YOUR GOAL -
Give back every record below in full and exactly, but without a single image.

MATERIAL SUPPLIED -

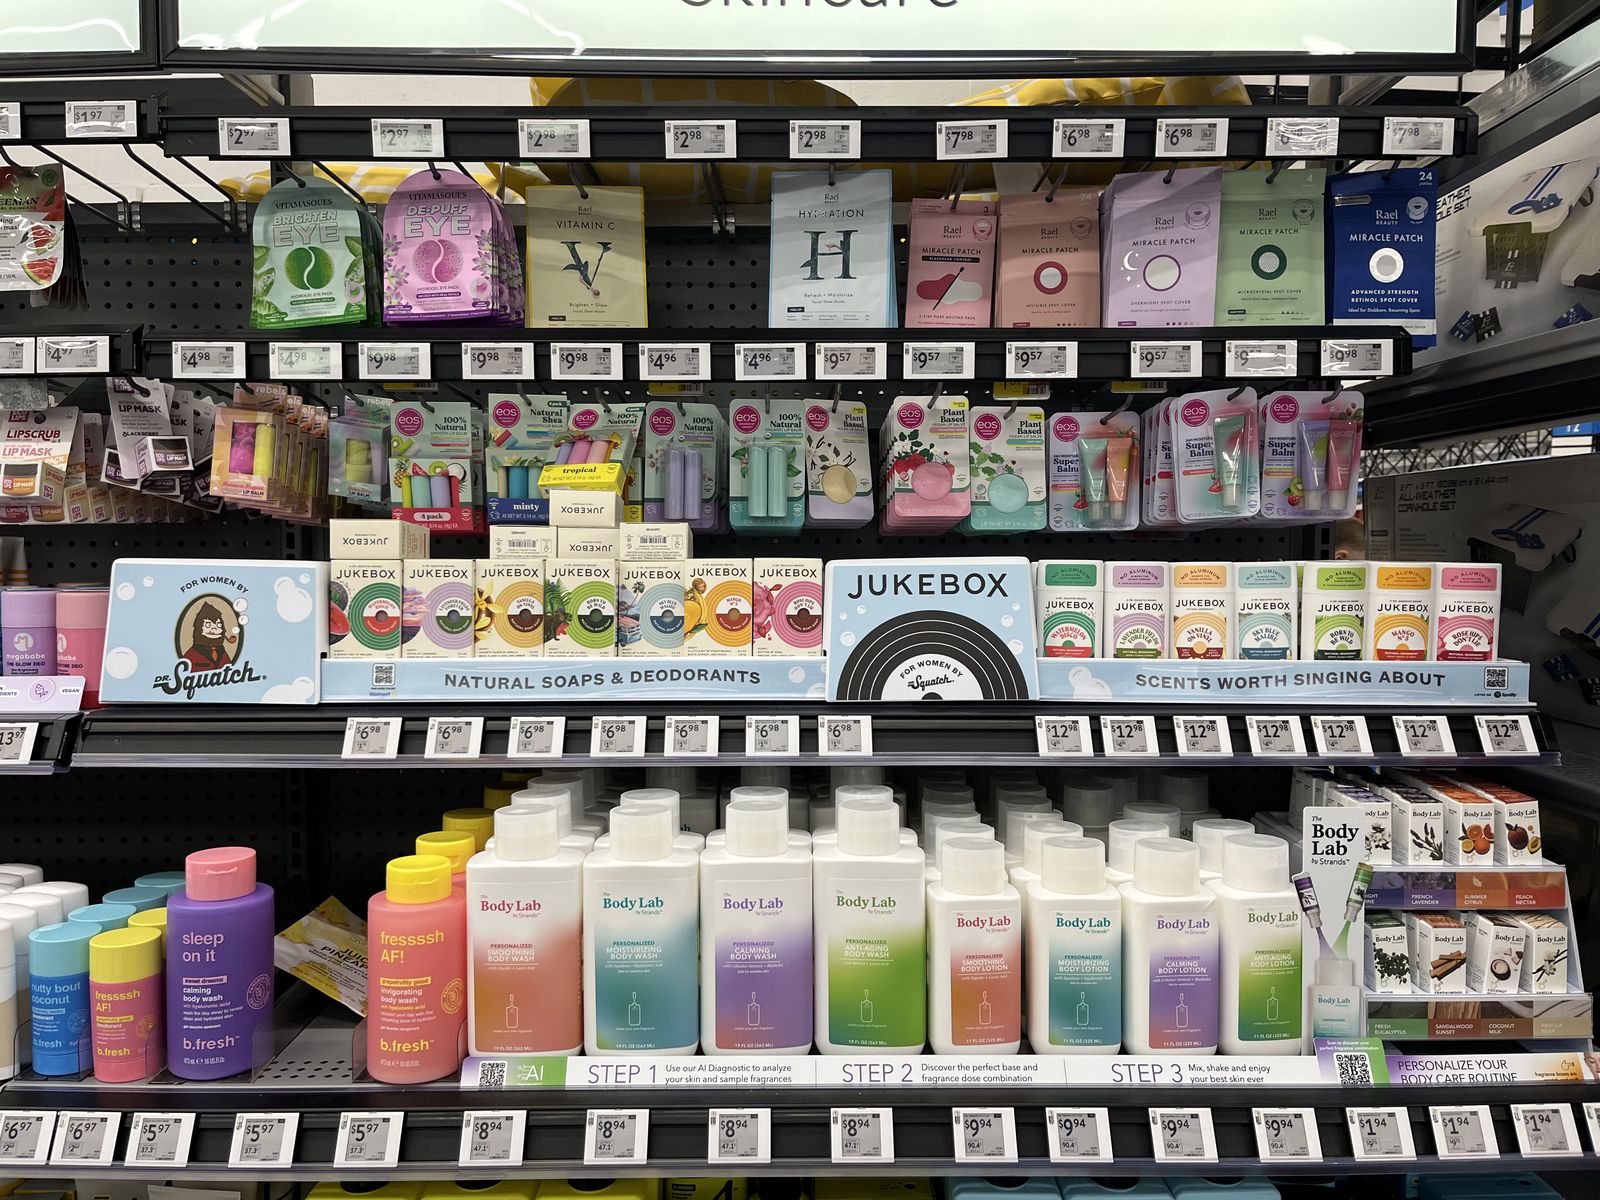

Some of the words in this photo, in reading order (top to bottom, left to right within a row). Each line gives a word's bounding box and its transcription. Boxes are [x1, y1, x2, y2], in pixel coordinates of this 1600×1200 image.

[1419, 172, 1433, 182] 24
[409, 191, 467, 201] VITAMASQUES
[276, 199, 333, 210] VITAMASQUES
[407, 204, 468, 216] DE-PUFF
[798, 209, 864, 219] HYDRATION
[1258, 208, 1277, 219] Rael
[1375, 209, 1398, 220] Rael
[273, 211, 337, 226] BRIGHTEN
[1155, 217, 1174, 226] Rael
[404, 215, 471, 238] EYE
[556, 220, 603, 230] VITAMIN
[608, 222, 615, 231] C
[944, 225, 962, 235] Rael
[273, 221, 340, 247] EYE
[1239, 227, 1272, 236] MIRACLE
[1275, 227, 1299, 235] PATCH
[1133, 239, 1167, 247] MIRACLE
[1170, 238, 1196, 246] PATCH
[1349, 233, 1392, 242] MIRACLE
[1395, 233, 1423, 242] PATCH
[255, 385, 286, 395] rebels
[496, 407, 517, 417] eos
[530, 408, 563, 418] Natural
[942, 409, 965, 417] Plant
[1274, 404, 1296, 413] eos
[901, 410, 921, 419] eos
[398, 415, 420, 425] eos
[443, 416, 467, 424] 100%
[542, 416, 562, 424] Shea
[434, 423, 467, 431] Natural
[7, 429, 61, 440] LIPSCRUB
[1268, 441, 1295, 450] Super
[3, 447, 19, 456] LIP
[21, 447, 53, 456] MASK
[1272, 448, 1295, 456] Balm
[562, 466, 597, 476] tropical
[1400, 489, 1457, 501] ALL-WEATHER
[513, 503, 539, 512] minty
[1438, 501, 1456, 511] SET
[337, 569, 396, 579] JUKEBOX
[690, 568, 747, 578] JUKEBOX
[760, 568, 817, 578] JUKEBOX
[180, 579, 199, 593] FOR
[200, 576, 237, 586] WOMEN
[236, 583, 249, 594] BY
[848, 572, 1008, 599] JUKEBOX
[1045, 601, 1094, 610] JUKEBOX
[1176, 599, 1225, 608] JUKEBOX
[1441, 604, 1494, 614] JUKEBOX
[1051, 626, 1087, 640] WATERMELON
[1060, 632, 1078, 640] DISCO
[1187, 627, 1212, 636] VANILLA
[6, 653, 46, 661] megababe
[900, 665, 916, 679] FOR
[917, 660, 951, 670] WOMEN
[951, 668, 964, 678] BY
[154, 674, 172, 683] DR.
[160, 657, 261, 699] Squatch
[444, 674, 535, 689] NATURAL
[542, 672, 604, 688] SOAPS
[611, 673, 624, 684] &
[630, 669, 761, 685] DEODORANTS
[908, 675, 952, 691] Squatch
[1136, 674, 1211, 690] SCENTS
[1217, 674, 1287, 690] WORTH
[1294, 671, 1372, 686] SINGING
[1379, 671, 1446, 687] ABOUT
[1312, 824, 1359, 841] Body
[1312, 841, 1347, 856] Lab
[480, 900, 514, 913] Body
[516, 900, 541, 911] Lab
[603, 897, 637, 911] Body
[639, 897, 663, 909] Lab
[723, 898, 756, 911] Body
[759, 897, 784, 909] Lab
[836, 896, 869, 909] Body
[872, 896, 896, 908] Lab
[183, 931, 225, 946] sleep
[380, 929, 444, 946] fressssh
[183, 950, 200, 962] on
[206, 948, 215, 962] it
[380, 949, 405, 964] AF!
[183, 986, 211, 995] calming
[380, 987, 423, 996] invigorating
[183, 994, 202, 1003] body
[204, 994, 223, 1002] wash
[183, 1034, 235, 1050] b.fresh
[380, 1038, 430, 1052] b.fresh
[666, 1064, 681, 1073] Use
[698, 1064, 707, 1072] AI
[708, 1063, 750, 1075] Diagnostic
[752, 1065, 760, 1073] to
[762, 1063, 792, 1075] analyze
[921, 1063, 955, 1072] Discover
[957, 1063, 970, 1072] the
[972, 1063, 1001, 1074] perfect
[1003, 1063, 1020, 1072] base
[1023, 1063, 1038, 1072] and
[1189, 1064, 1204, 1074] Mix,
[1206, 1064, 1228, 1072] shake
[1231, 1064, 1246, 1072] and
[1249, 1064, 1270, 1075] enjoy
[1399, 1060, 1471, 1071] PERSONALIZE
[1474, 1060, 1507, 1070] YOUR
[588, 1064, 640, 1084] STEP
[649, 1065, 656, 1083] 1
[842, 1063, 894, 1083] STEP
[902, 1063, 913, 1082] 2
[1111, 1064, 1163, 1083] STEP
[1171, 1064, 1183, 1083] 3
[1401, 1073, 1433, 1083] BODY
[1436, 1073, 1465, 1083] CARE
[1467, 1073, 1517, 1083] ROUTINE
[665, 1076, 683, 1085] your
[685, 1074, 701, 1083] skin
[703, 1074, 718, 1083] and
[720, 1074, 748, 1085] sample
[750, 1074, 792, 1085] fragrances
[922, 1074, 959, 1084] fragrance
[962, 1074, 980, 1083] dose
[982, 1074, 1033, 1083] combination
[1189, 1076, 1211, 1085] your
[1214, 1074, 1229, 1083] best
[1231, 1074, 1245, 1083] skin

RESPONSE AREA -
Some of the words in this photo, in reading order (top to bottom, left to right within a row). Each line gives a word's bounding box and its transcription. Boxes are [x1, y1, x2, y2], in pixel coordinates of this 1600×1200 image.

[1419, 172, 1433, 182] 24
[409, 191, 467, 201] VITAMASQUES
[276, 199, 333, 210] VITAMASQUES
[407, 204, 468, 216] DE-PUFF
[798, 209, 864, 219] HYDRATION
[1258, 208, 1277, 219] Rael
[1375, 209, 1398, 220] Rael
[273, 211, 337, 226] BRIGHTEN
[1155, 217, 1174, 226] Rael
[404, 215, 471, 238] EYE
[556, 220, 603, 230] VITAMIN
[608, 222, 615, 231] C
[944, 225, 962, 235] Rael
[273, 221, 340, 247] EYE
[1239, 227, 1272, 236] MIRACLE
[1275, 227, 1299, 235] PATCH
[1133, 239, 1167, 247] MIRACLE
[1170, 238, 1196, 246] PATCH
[1349, 233, 1392, 242] MIRACLE
[1395, 233, 1423, 242] PATCH
[255, 385, 286, 395] rebels
[496, 407, 517, 417] eos
[530, 408, 563, 418] Natural
[942, 409, 965, 417] Plant
[1274, 404, 1296, 413] eos
[901, 410, 921, 419] eos
[398, 415, 420, 425] eos
[443, 416, 467, 424] 100%
[542, 416, 562, 424] Shea
[434, 423, 467, 431] Natural
[7, 429, 61, 440] LIPSCRUB
[1268, 441, 1295, 450] Super
[3, 447, 19, 456] LIP
[21, 447, 53, 456] MASK
[1272, 448, 1295, 456] Balm
[562, 466, 597, 476] tropical
[1400, 489, 1457, 501] ALL-WEATHER
[513, 503, 539, 512] minty
[1438, 501, 1456, 511] SET
[337, 569, 396, 579] JUKEBOX
[690, 568, 747, 578] JUKEBOX
[760, 568, 817, 578] JUKEBOX
[180, 579, 199, 593] FOR
[200, 576, 237, 586] WOMEN
[236, 583, 249, 594] BY
[848, 572, 1008, 599] JUKEBOX
[1045, 601, 1094, 610] JUKEBOX
[1176, 599, 1225, 608] JUKEBOX
[1441, 604, 1494, 614] JUKEBOX
[1051, 626, 1087, 640] WATERMELON
[1060, 632, 1078, 640] DISCO
[1187, 627, 1212, 636] VANILLA
[6, 653, 46, 661] megababe
[900, 665, 916, 679] FOR
[917, 660, 951, 670] WOMEN
[951, 668, 964, 678] BY
[154, 674, 172, 683] DR.
[160, 657, 261, 699] Squatch
[444, 674, 535, 689] NATURAL
[542, 672, 604, 688] SOAPS
[611, 673, 624, 684] &
[630, 669, 761, 685] DEODORANTS
[908, 675, 952, 691] Squatch
[1136, 674, 1211, 690] SCENTS
[1217, 674, 1287, 690] WORTH
[1294, 671, 1372, 686] SINGING
[1379, 671, 1446, 687] ABOUT
[1312, 824, 1359, 841] Body
[1312, 841, 1347, 856] Lab
[480, 900, 514, 913] Body
[516, 900, 541, 911] Lab
[603, 897, 637, 911] Body
[639, 897, 663, 909] Lab
[723, 898, 756, 911] Body
[759, 897, 784, 909] Lab
[836, 896, 869, 909] Body
[872, 896, 896, 908] Lab
[183, 931, 225, 946] sleep
[380, 929, 444, 946] fressssh
[183, 950, 200, 962] on
[206, 948, 215, 962] it
[380, 949, 405, 964] AF!
[183, 986, 211, 995] calming
[380, 987, 423, 996] invigorating
[183, 994, 202, 1003] body
[204, 994, 223, 1002] wash
[183, 1034, 235, 1050] b.fresh
[380, 1038, 430, 1052] b.fresh
[666, 1064, 681, 1073] Use
[698, 1064, 707, 1072] AI
[708, 1063, 750, 1075] Diagnostic
[752, 1065, 760, 1073] to
[762, 1063, 792, 1075] analyze
[921, 1063, 955, 1072] Discover
[957, 1063, 970, 1072] the
[972, 1063, 1001, 1074] perfect
[1003, 1063, 1020, 1072] base
[1023, 1063, 1038, 1072] and
[1189, 1064, 1204, 1074] Mix,
[1206, 1064, 1228, 1072] shake
[1231, 1064, 1246, 1072] and
[1249, 1064, 1270, 1075] enjoy
[1399, 1060, 1471, 1071] PERSONALIZE
[1474, 1060, 1507, 1070] YOUR
[588, 1064, 640, 1084] STEP
[649, 1065, 656, 1083] 1
[842, 1063, 894, 1083] STEP
[902, 1063, 913, 1082] 2
[1111, 1064, 1163, 1083] STEP
[1171, 1064, 1183, 1083] 3
[1401, 1073, 1433, 1083] BODY
[1436, 1073, 1465, 1083] CARE
[1467, 1073, 1517, 1083] ROUTINE
[665, 1076, 683, 1085] your
[685, 1074, 701, 1083] skin
[703, 1074, 718, 1083] and
[720, 1074, 748, 1085] sample
[750, 1074, 792, 1085] fragrances
[922, 1074, 959, 1084] fragrance
[962, 1074, 980, 1083] dose
[982, 1074, 1033, 1083] combination
[1189, 1076, 1211, 1085] your
[1214, 1074, 1229, 1083] best
[1231, 1074, 1245, 1083] skin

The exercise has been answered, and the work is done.